Mo's website  has a treasure trove of data by the way.

Let us hope that this does not set a pattern for the year. Now I have my resolution -- stop to think before posting!

14 comments:

  1. Interesting, and I would have thought otherwise also for obvious reasons, Who owns property? Especially in urban areas? And we are an urbanized nation.

    As my late Uncle Jerry used to say "Even if it is true, I still don't believe it."

    Still, national property taxes strike me as a good idea.
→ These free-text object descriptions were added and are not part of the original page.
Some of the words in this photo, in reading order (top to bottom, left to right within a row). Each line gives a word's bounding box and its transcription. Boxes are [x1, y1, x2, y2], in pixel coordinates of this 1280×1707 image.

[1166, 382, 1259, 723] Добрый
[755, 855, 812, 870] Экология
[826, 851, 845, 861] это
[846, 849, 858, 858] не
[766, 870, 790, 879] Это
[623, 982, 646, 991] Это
    The income (or payroll) tax is a tax on productive behavior, and also becoming easily outmaneuvered, due to offshore banking and entities, expert tax avoidance (75,000 pages of tax codes!) and exploding cash in circulation (now near $5k per resident, and some say actually most of it is in the US, and not in suitcases buried in Muscovite backyards).

    Bring on property taxes, pollution taxes, import tariffs, fuel taxes, and Pigou taxes, and start cutting payroll and income taxes.

    We have to investigate property tax incidence more closely. Something does not add up.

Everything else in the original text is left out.